### Material provided
• • • • • • •
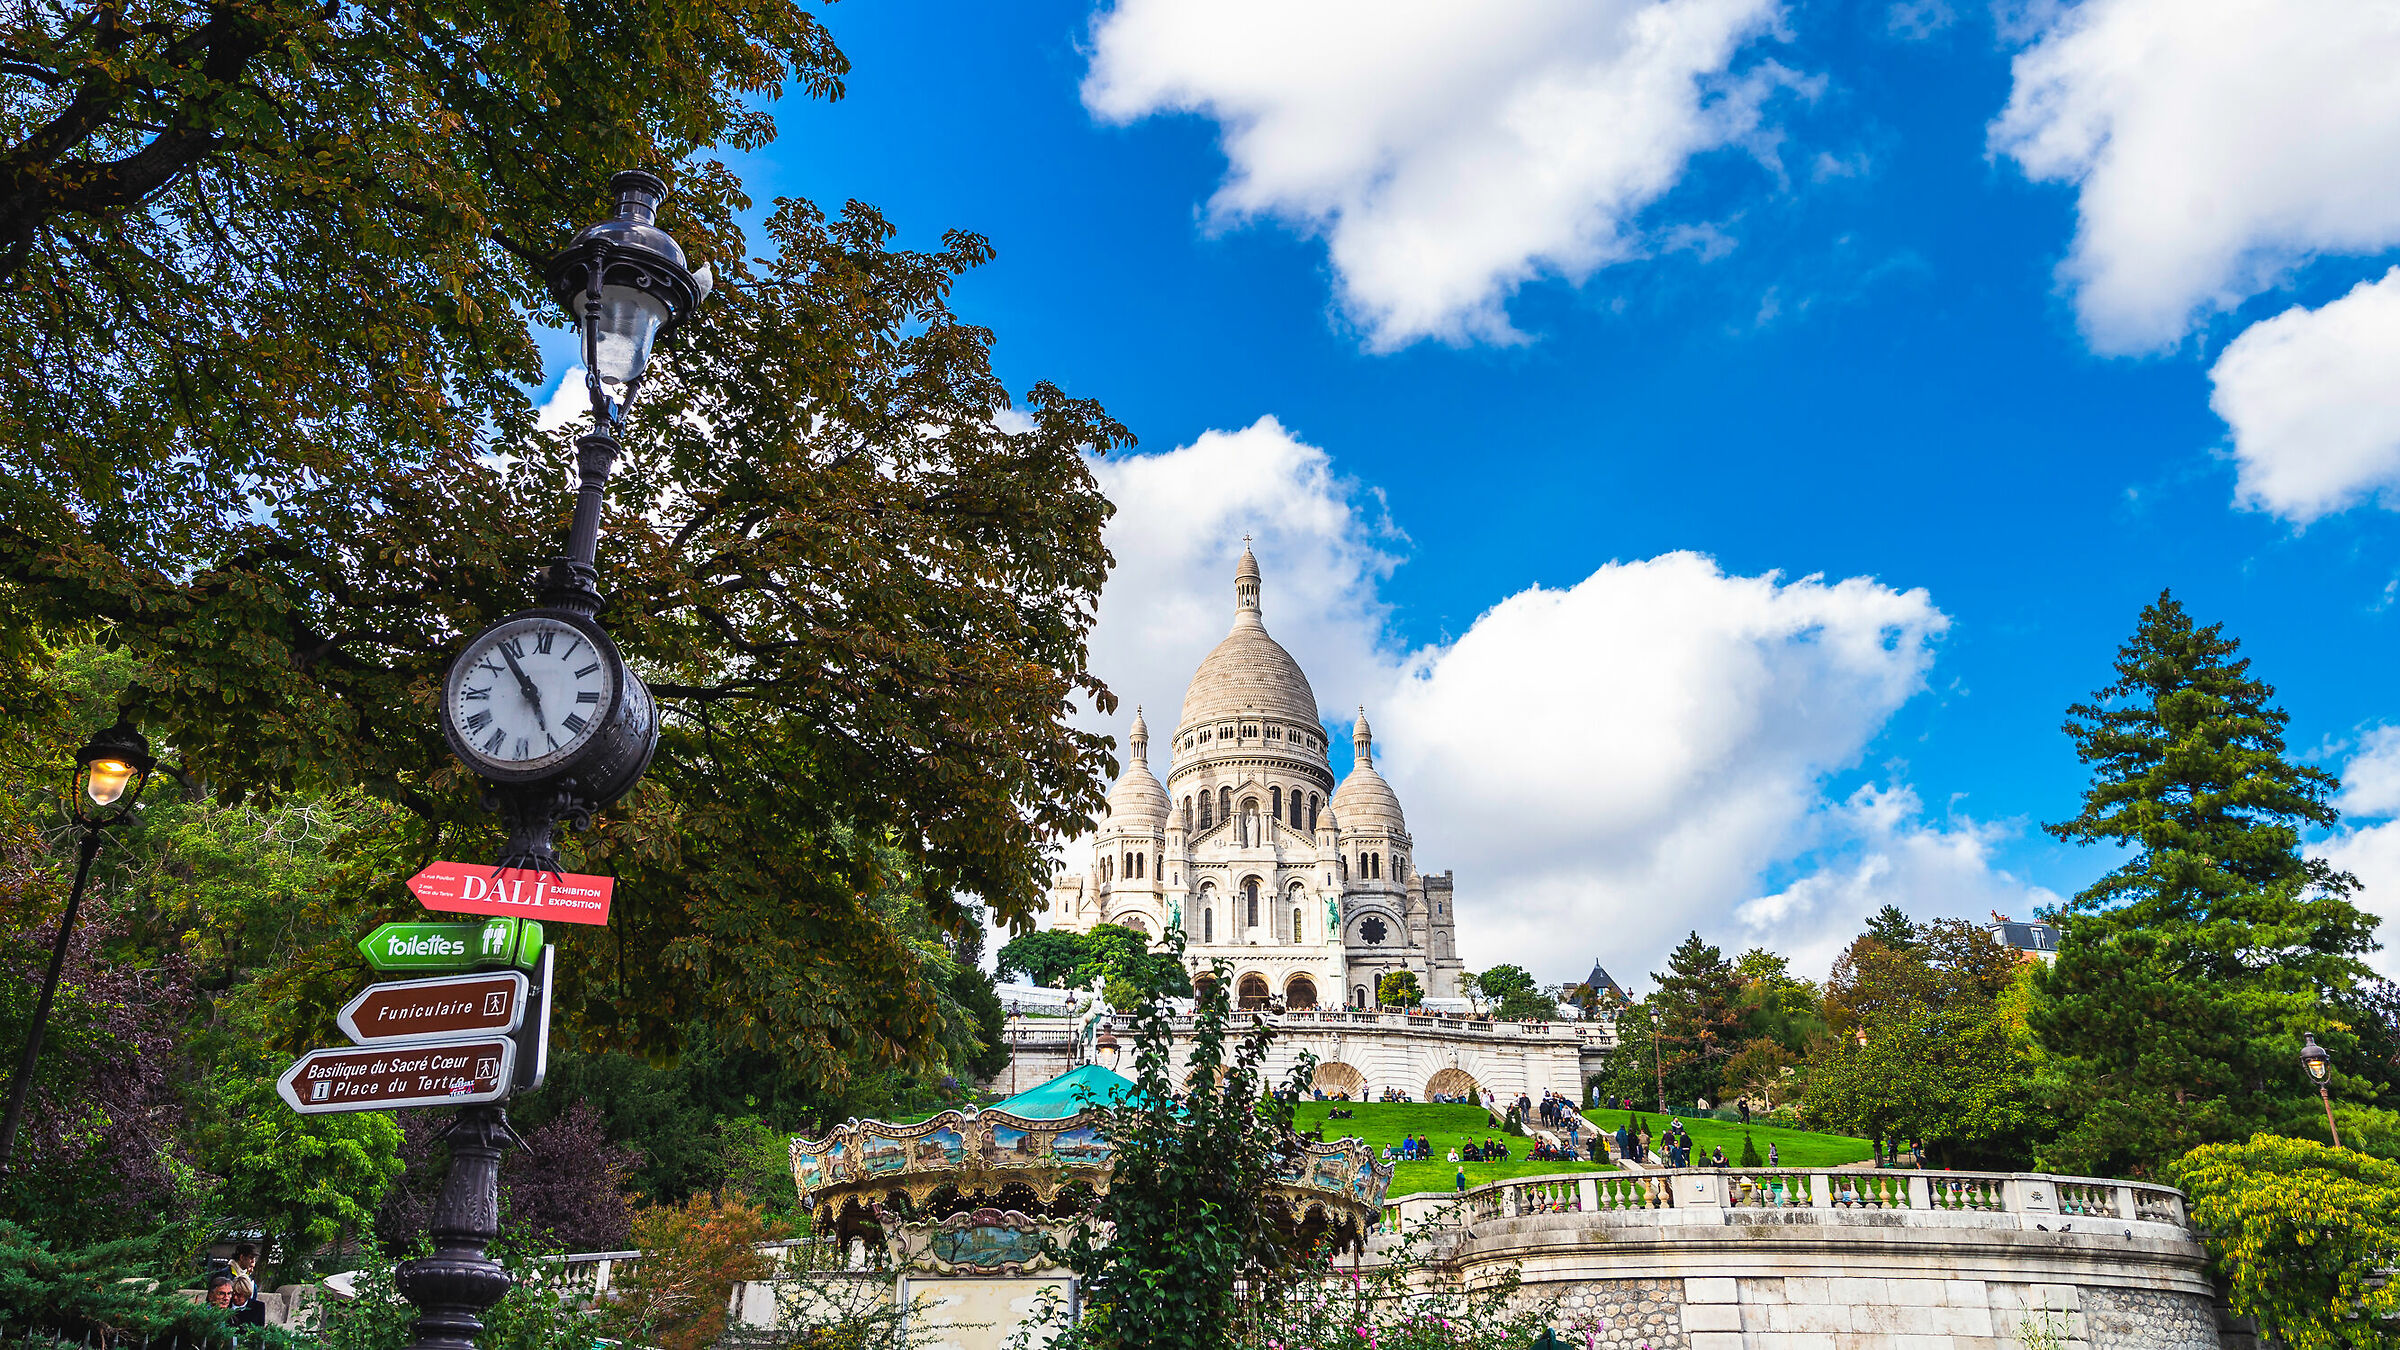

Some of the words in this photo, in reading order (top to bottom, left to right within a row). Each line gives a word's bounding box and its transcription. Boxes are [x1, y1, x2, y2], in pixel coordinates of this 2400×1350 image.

[533, 632, 555, 654] XII
[562, 640, 580, 661] I
[479, 657, 505, 678] X
[574, 662, 599, 679] II
[576, 691, 600, 704] III
[459, 873, 547, 907] DALÍ
[550, 886, 601, 898] EXHIBITION
[548, 898, 602, 910] EXPOSITION
[387, 934, 465, 956] toilettes
[377, 1000, 473, 1021] Funiculaire
[307, 1062, 368, 1080] Basilique
[370, 1060, 388, 1075] du
[389, 1056, 429, 1073] Sacré
[431, 1055, 470, 1069] Cœur
[333, 1081, 379, 1097] Place
[388, 1078, 408, 1093] du
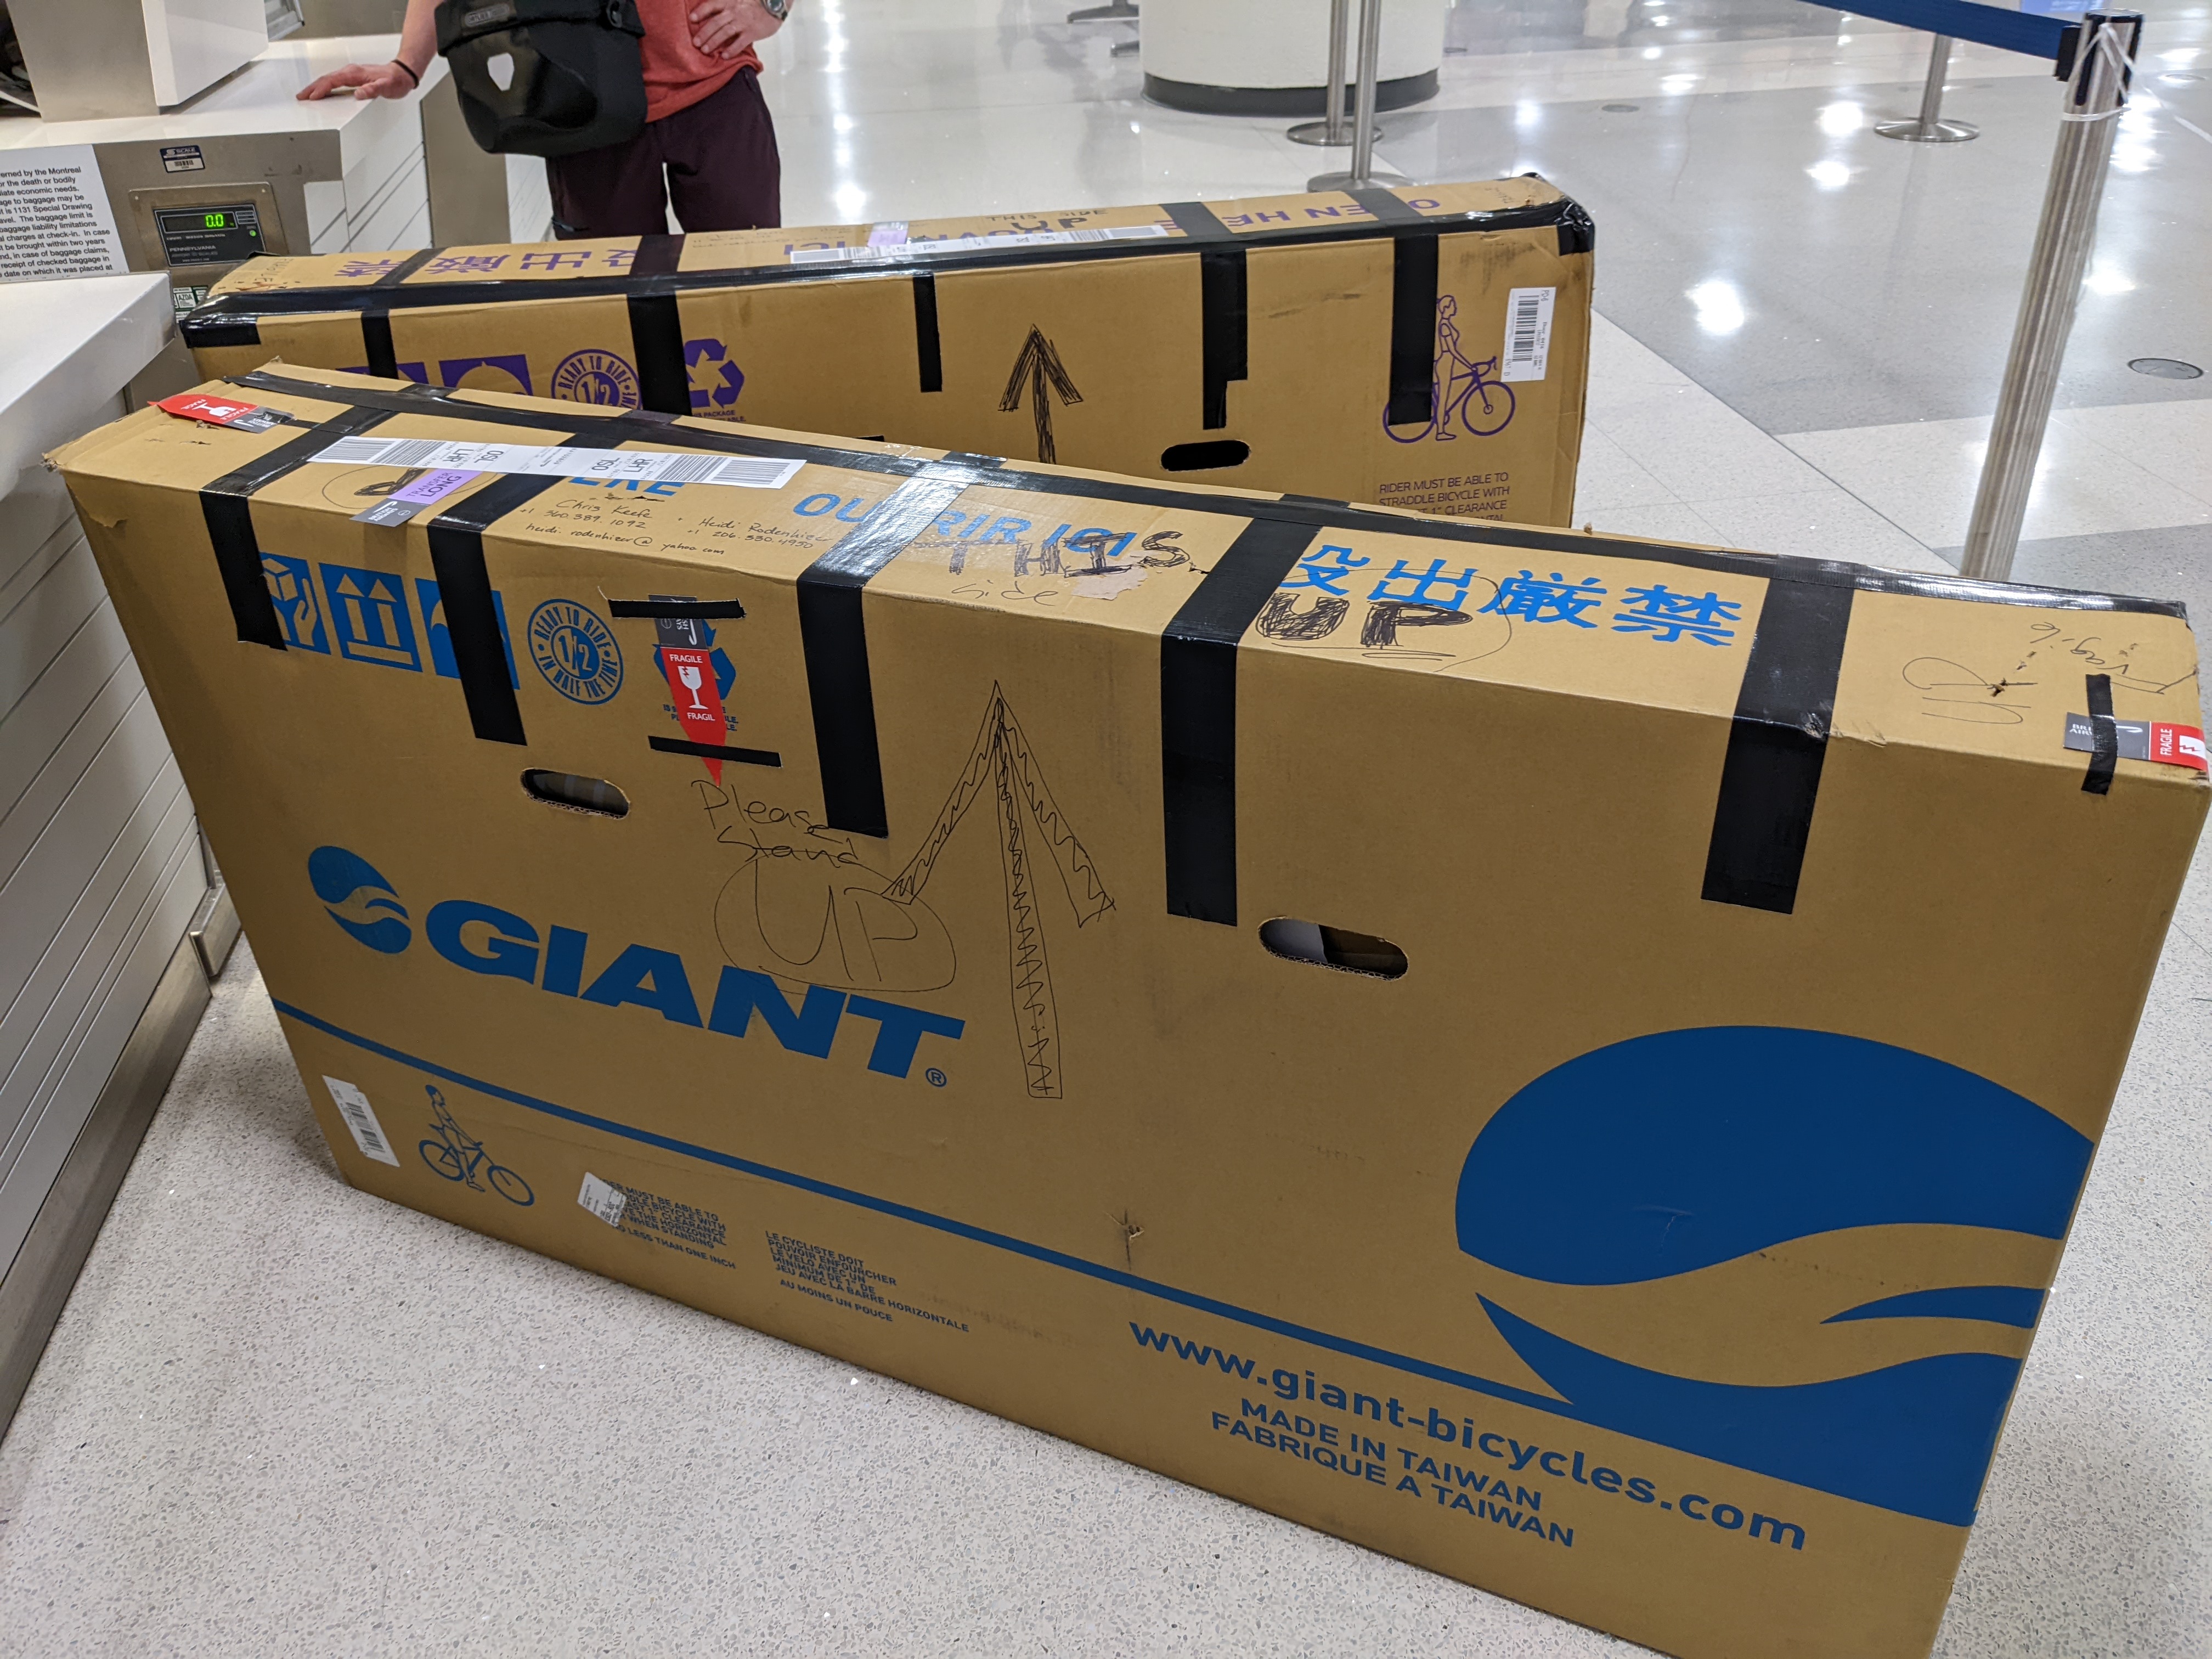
• • • • • • •
Word-for-word copy, no pictures: write out the entries above in full.

### Result below
Some of the words in this photo, in reading order (top to bottom, left to right within a row). Each line gives a word's bounding box and its transcription. Boxes are [x1, y1, x2, y2], in pixel coordinates of this 2400×1350 image.

[533, 632, 555, 654] XII
[562, 640, 580, 661] I
[479, 657, 505, 678] X
[574, 662, 599, 679] II
[576, 691, 600, 704] III
[459, 873, 547, 907] DALÍ
[550, 886, 601, 898] EXHIBITION
[548, 898, 602, 910] EXPOSITION
[387, 934, 465, 956] toilettes
[377, 1000, 473, 1021] Funiculaire
[307, 1062, 368, 1080] Basilique
[370, 1060, 388, 1075] du
[389, 1056, 429, 1073] Sacré
[431, 1055, 470, 1069] Cœur
[333, 1081, 379, 1097] Place
[388, 1078, 408, 1093] du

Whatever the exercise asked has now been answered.